This incredibly ambitious, creative team began working together to develop collections of women’s art-focused fashion in 2002. They recently expanded application of their refined techniques to include textile art and design for home decor. Each has years of experience in women’s knitwear, textile design and printing. Marika and Charles attended the Pratt Institute in New York City and went on to successful careers before combining their unique talents.

Art in Their DNA
Marika has exhibited in such prestigious locales as the Smithsonian, MoMA and Los Angeles County Museum of Art and the San Francisco Museum of Art, among others, and she is an included artist in the Metropolitan Museum of Art permanent costume collection. She is also the recipient of a National Endowment of the Arts award. Her collections have been sold by prestigious retailers including Barney’s New York, Fred Segal and Bergdorf Goodman.

Charles’ passion for fabrics and art led to a career in textile design and production. It began with original hand paintings under the name Keryakos, which grew to include building a state-of-the art textile printing and dyeing complex. His focus on creating these new printing techniques, which include the unique Phly-Dye® they utilize today, has led to several patents and trademarks. 
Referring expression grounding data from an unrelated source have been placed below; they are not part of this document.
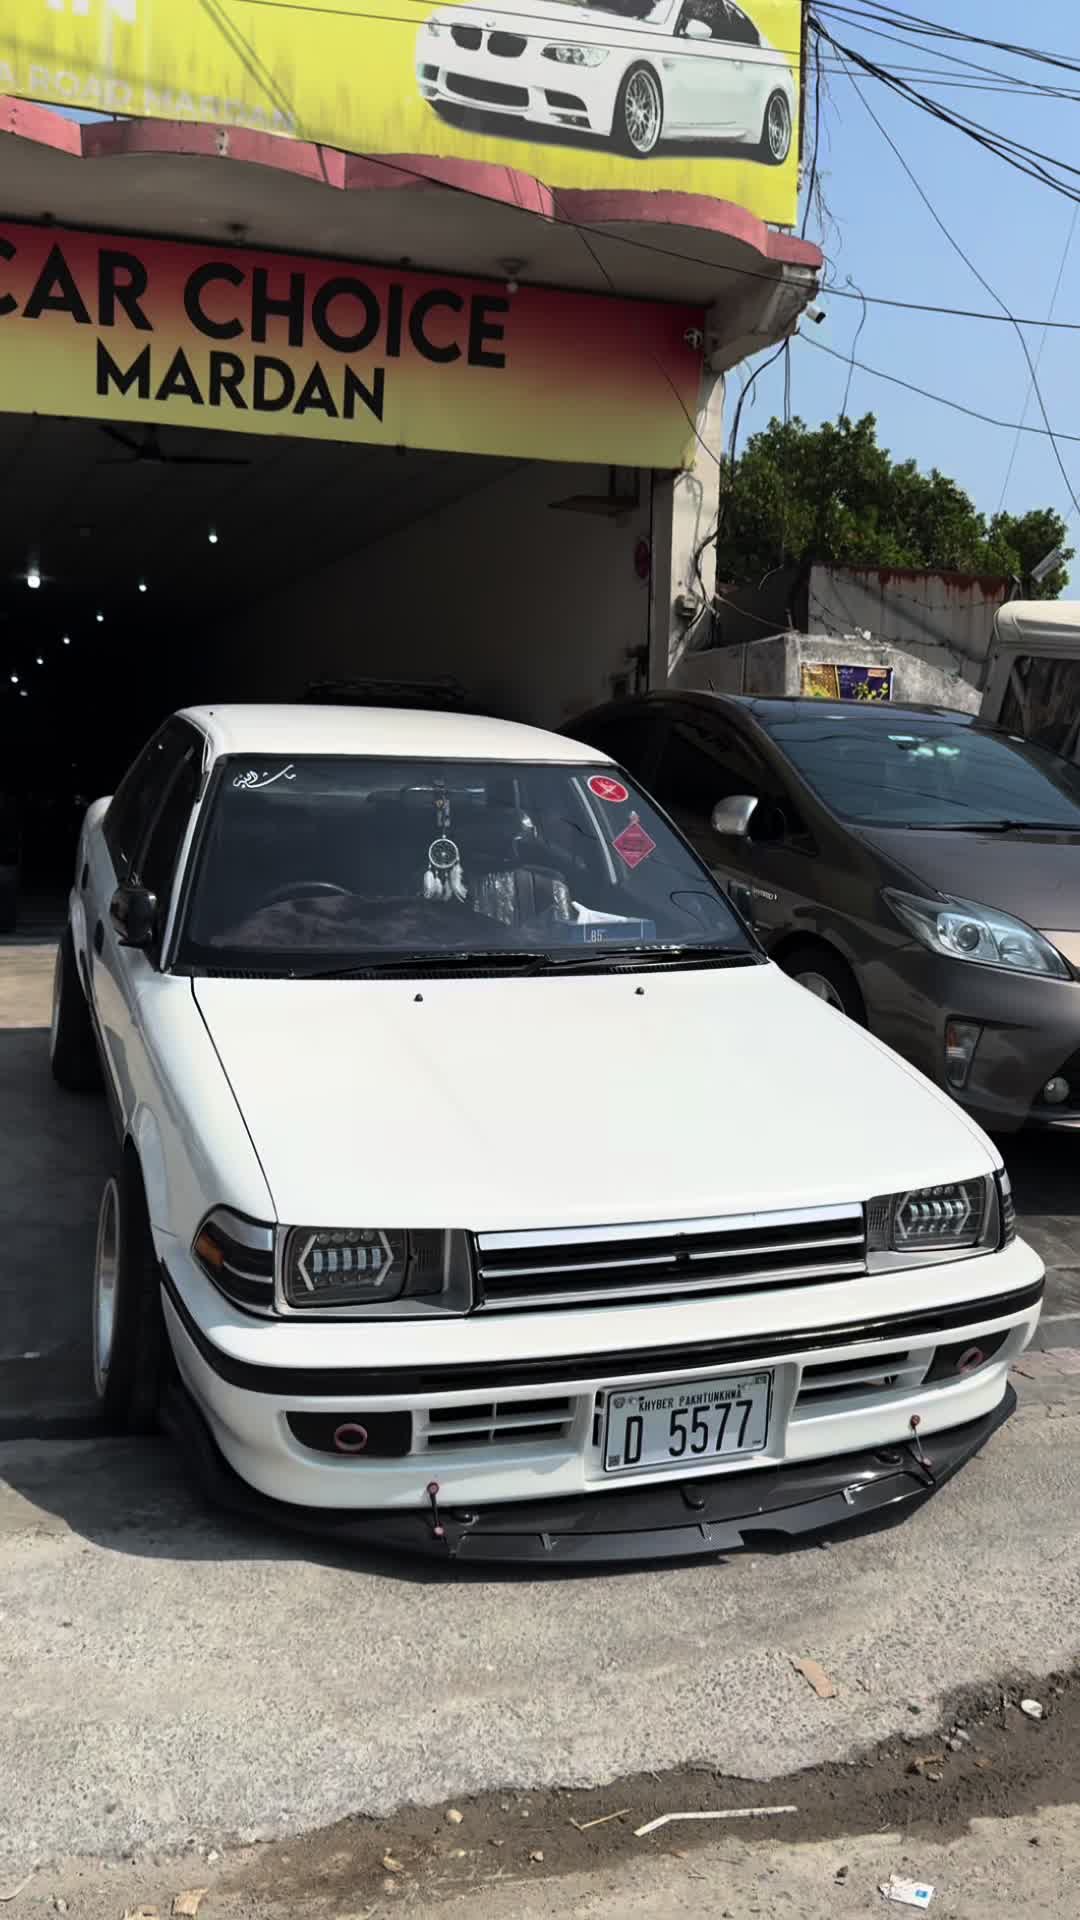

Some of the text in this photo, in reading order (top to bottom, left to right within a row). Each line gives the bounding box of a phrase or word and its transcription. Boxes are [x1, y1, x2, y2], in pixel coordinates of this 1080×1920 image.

[30, 64, 132, 107] ROAD
[184, 261, 511, 368] CHOICE
[97, 336, 385, 422] MARDAN
[639, 1389, 743, 1413] KHYBER PAKHTUNKHWA
[668, 1399, 753, 1457] 5577
“My brother is co-designer and his wife, Laurie Ives, is an integral part of our team and the sensible one with two crazy artists to handle! We also have an incredible team of talented people who help us create and execute our vision at our home base in Schenectady,” she smiled. “It’s what I’ve done all my life; I studied industrial design at Pratt because I thought that would be really creative and commercial. I wanted to stay in the creative field. I wouldn’t be good at anything else. Charles felt that way too. He stayed in the textile business his whole life. When we did orientation at Pratt, they told us that we would have a great time at art school but only a few of us would earn a living. I was determined that I would be one of those people and Charles agreed.”

Experience Woven Together
The collaboration has been beyond anything they could imagine. This life is a culmination of each soul’s past youth and beginnings. Her industrial design training gave Marika a good perspective, and she taught herself knitting and crochet, then attended school for furniture design and began to create one-of-a-kind pieces she sold. “What I was doing as an artist in the ’70s became kind of a movement,” she explained. “Things were so beautifully made, and everything we did was finely tailored. What we do now is a combination of what Charlie has done his whole life, and my work. My art-to-wear pieces have been in shows all over the country.”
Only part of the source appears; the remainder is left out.